/---

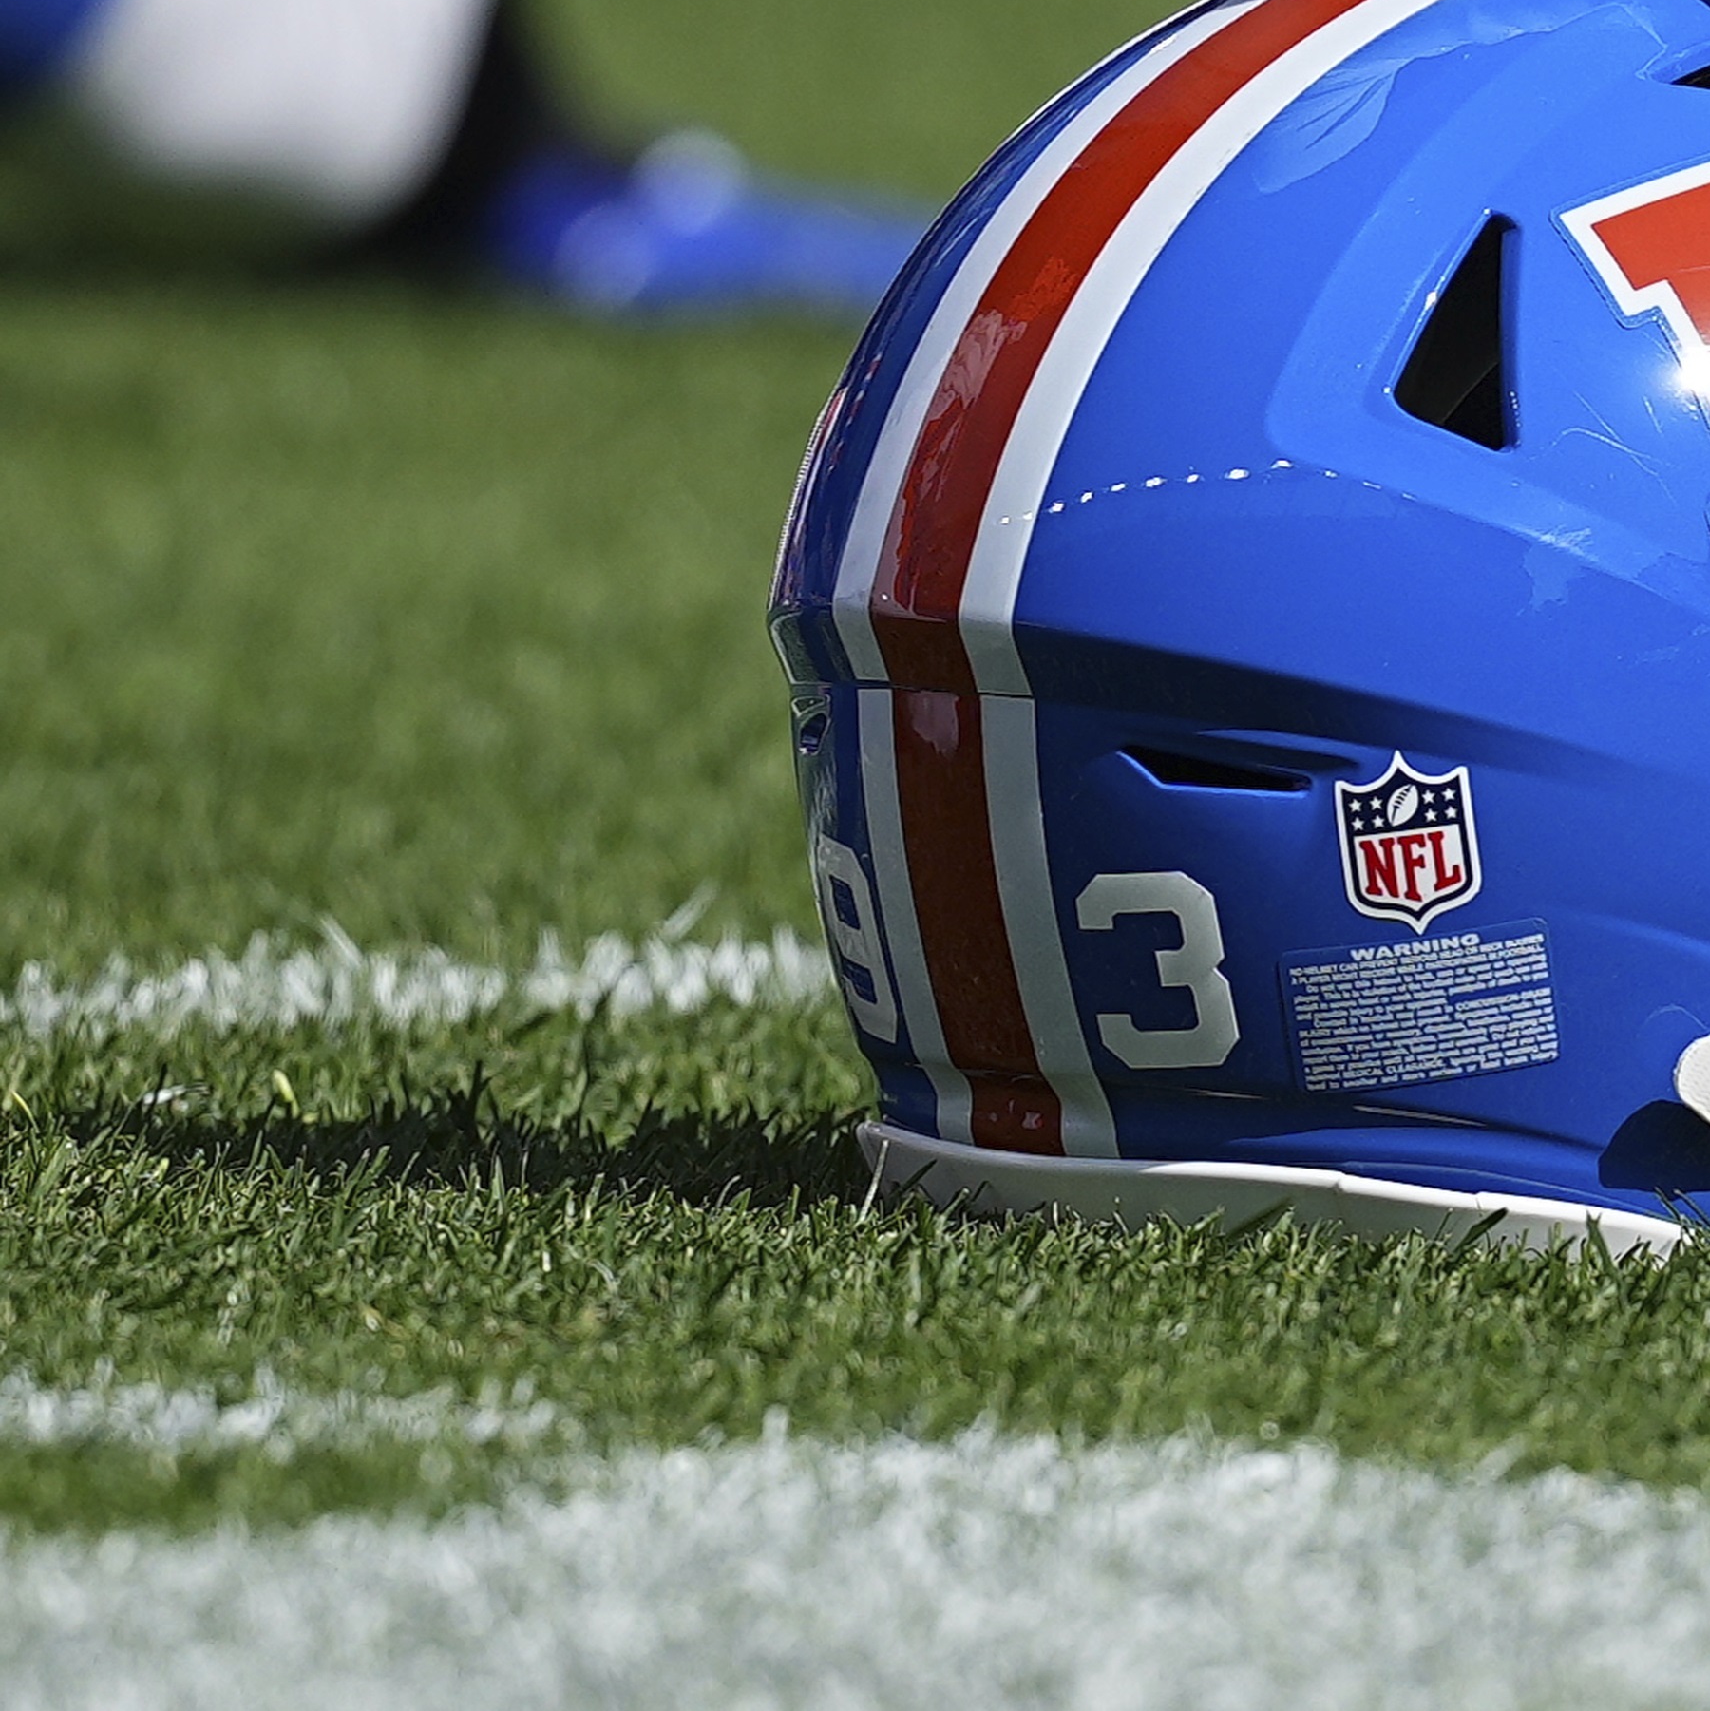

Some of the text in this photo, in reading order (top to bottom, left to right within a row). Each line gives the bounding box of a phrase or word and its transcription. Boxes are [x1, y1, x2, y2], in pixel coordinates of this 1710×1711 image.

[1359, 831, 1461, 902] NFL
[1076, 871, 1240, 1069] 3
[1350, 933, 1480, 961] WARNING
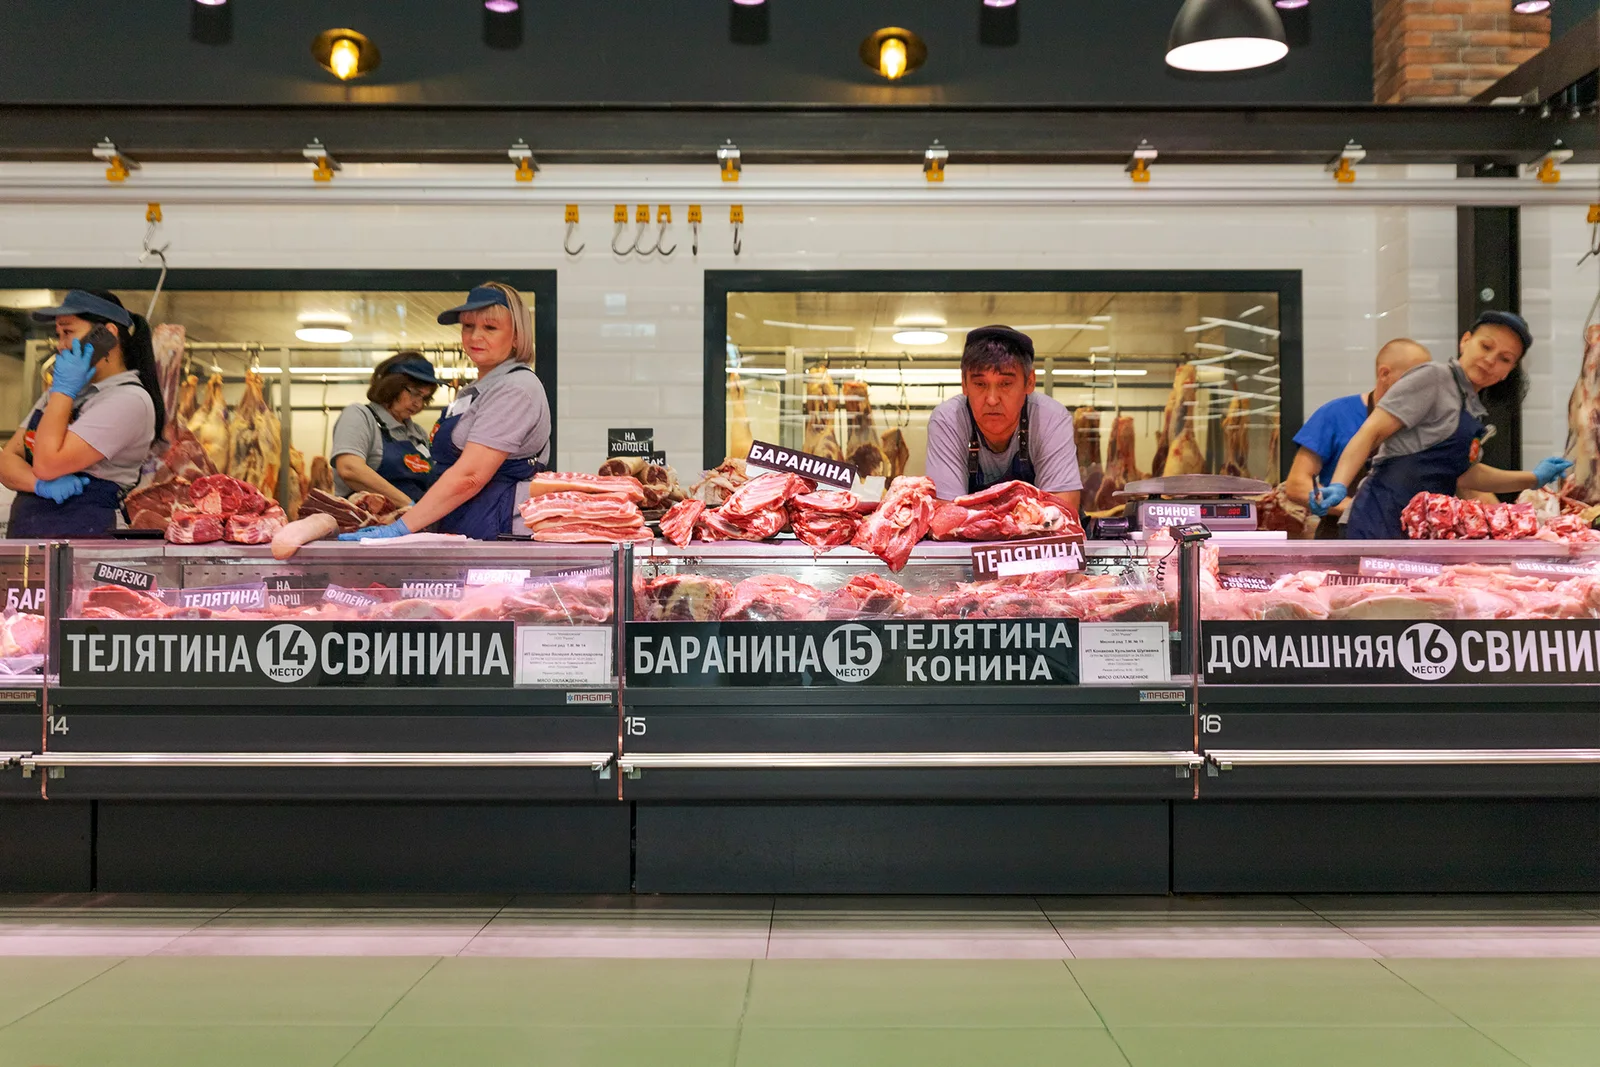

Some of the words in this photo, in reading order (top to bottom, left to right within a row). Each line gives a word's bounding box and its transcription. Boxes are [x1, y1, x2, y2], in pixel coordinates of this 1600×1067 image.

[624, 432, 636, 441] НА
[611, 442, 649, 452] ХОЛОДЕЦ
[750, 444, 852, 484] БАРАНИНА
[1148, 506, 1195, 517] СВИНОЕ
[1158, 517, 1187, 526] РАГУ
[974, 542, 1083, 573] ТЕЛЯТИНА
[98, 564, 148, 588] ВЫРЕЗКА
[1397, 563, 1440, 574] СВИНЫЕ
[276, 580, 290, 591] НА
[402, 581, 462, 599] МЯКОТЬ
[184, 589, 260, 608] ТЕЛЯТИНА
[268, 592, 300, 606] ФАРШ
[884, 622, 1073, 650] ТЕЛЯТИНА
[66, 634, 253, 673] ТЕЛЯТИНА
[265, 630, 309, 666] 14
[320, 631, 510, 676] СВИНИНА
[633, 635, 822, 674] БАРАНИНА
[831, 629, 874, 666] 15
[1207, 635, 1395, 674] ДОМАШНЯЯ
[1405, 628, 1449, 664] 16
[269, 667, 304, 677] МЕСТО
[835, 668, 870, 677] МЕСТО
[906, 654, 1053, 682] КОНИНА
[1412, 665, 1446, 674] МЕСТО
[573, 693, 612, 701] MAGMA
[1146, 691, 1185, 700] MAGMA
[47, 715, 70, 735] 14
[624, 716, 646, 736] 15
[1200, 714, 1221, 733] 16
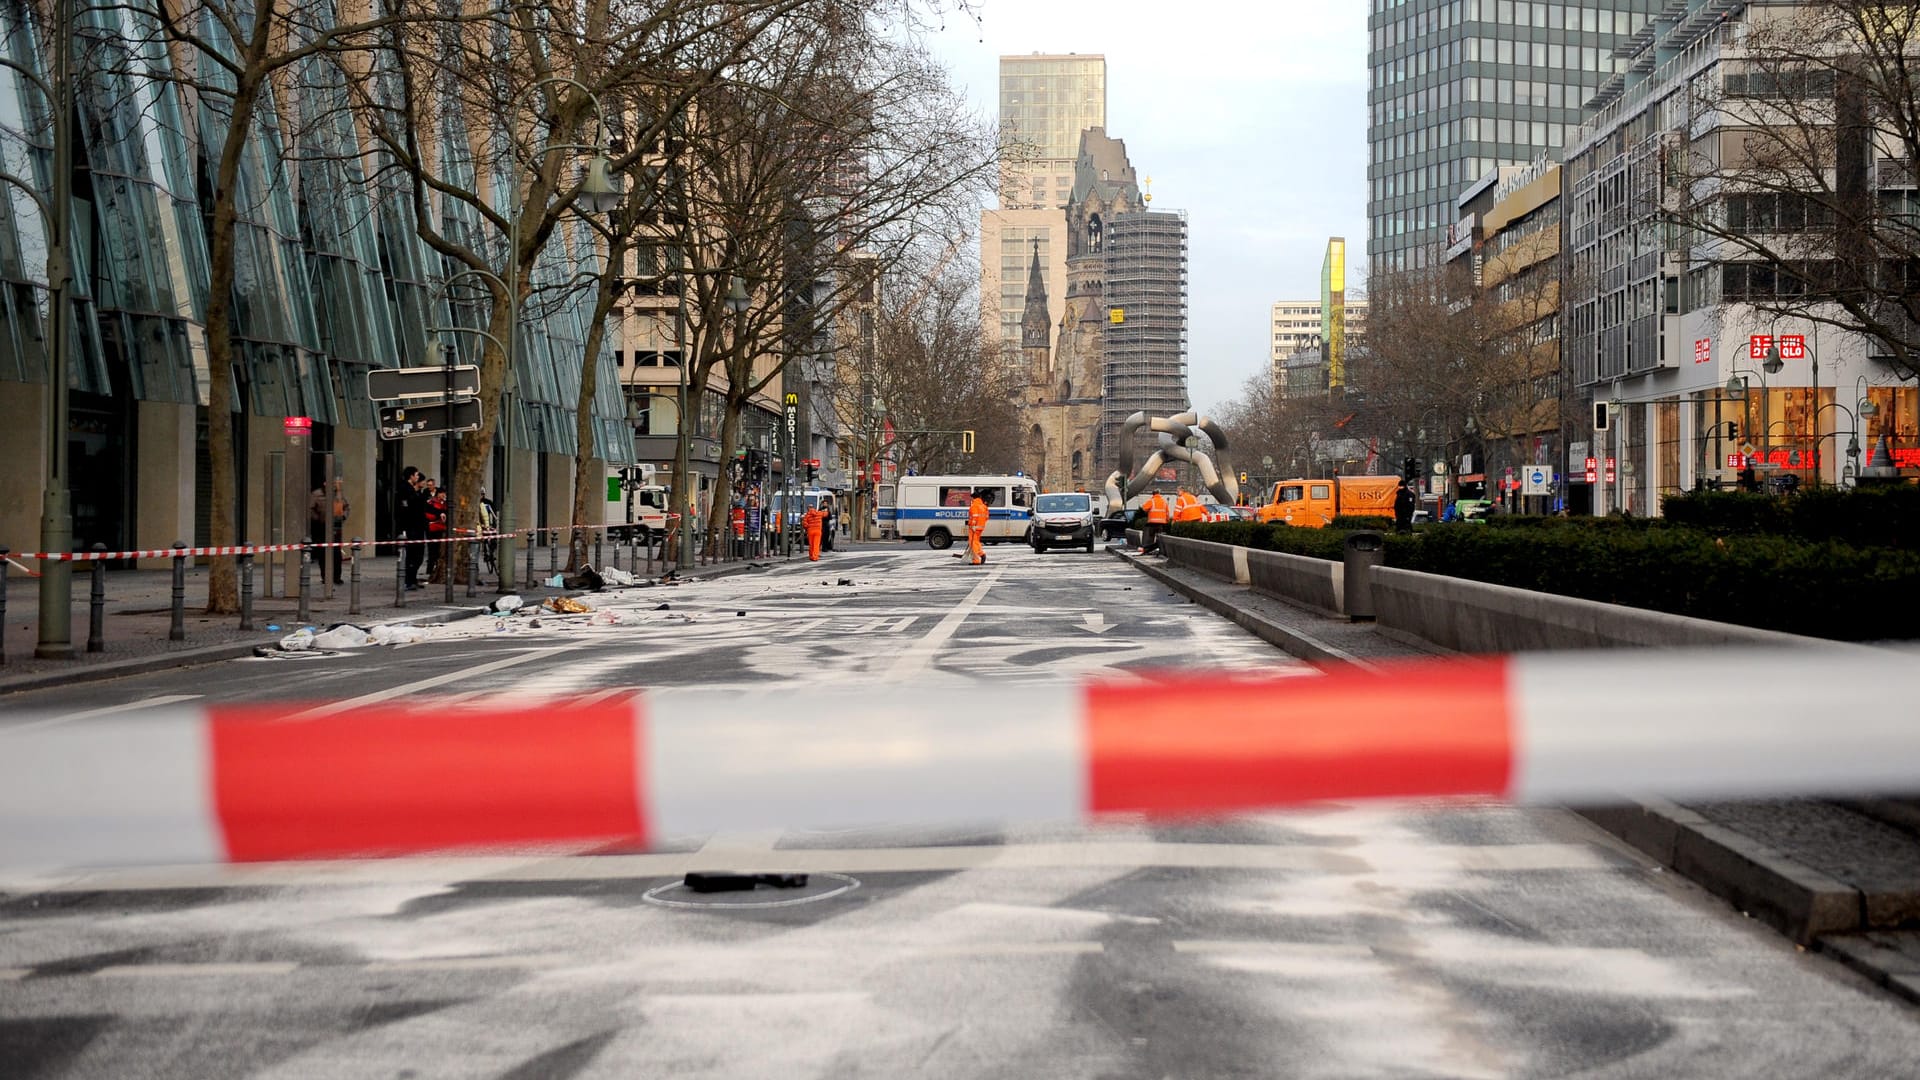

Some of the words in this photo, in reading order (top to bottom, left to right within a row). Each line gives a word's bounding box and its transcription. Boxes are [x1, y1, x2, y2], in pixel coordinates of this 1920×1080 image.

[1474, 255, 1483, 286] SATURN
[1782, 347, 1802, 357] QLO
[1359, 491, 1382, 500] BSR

\---

§ **Exercise**: The records are to be duplicated in full and exactly, with images left out.

§ **Exercise answer**:
Some of the text in this photo, in reading order (top to bottom, left to right within a row). Each line gives the bounding box of a phrase or word and its transcription. Boxes are [x1, y1, x2, y2], in pixel coordinates of this 1710×1711 image.

[1359, 831, 1461, 902] NFL
[1076, 871, 1240, 1069] 3
[1350, 933, 1480, 961] WARNING

Some of the words in this photo, in reading order (top to bottom, left to right within a row). Each line gives a word's bounding box and its transcription. Boxes are [x1, y1, x2, y2], in pixel coordinates of this 1600×1067 image.

[624, 432, 636, 441] НА
[611, 442, 649, 452] ХОЛОДЕЦ
[750, 444, 852, 484] БАРАНИНА
[1148, 506, 1195, 517] СВИНОЕ
[1158, 517, 1187, 526] РАГУ
[974, 542, 1083, 573] ТЕЛЯТИНА
[98, 564, 148, 588] ВЫРЕЗКА
[1397, 563, 1440, 574] СВИНЫЕ
[276, 580, 290, 591] НА
[402, 581, 462, 599] МЯКОТЬ
[184, 589, 260, 608] ТЕЛЯТИНА
[268, 592, 300, 606] ФАРШ
[884, 622, 1073, 650] ТЕЛЯТИНА
[66, 634, 253, 673] ТЕЛЯТИНА
[265, 630, 309, 666] 14
[320, 631, 510, 676] СВИНИНА
[633, 635, 822, 674] БАРАНИНА
[831, 629, 874, 666] 15
[1207, 635, 1395, 674] ДОМАШНЯЯ
[1405, 628, 1449, 664] 16
[269, 667, 304, 677] МЕСТО
[835, 668, 870, 677] МЕСТО
[906, 654, 1053, 682] КОНИНА
[1412, 665, 1446, 674] МЕСТО
[573, 693, 612, 701] MAGMA
[1146, 691, 1185, 700] MAGMA
[47, 715, 70, 735] 14
[624, 716, 646, 736] 15
[1200, 714, 1221, 733] 16

Some of the words in this photo, in reading order (top to bottom, left to right within a row). Each line gives a word's bounding box and its transcription. Boxes are [x1, y1, x2, y2], in pixel coordinates of this 1920×1080 image.

[1474, 255, 1483, 286] SATURN
[1782, 347, 1802, 357] QLO
[1359, 491, 1382, 500] BSR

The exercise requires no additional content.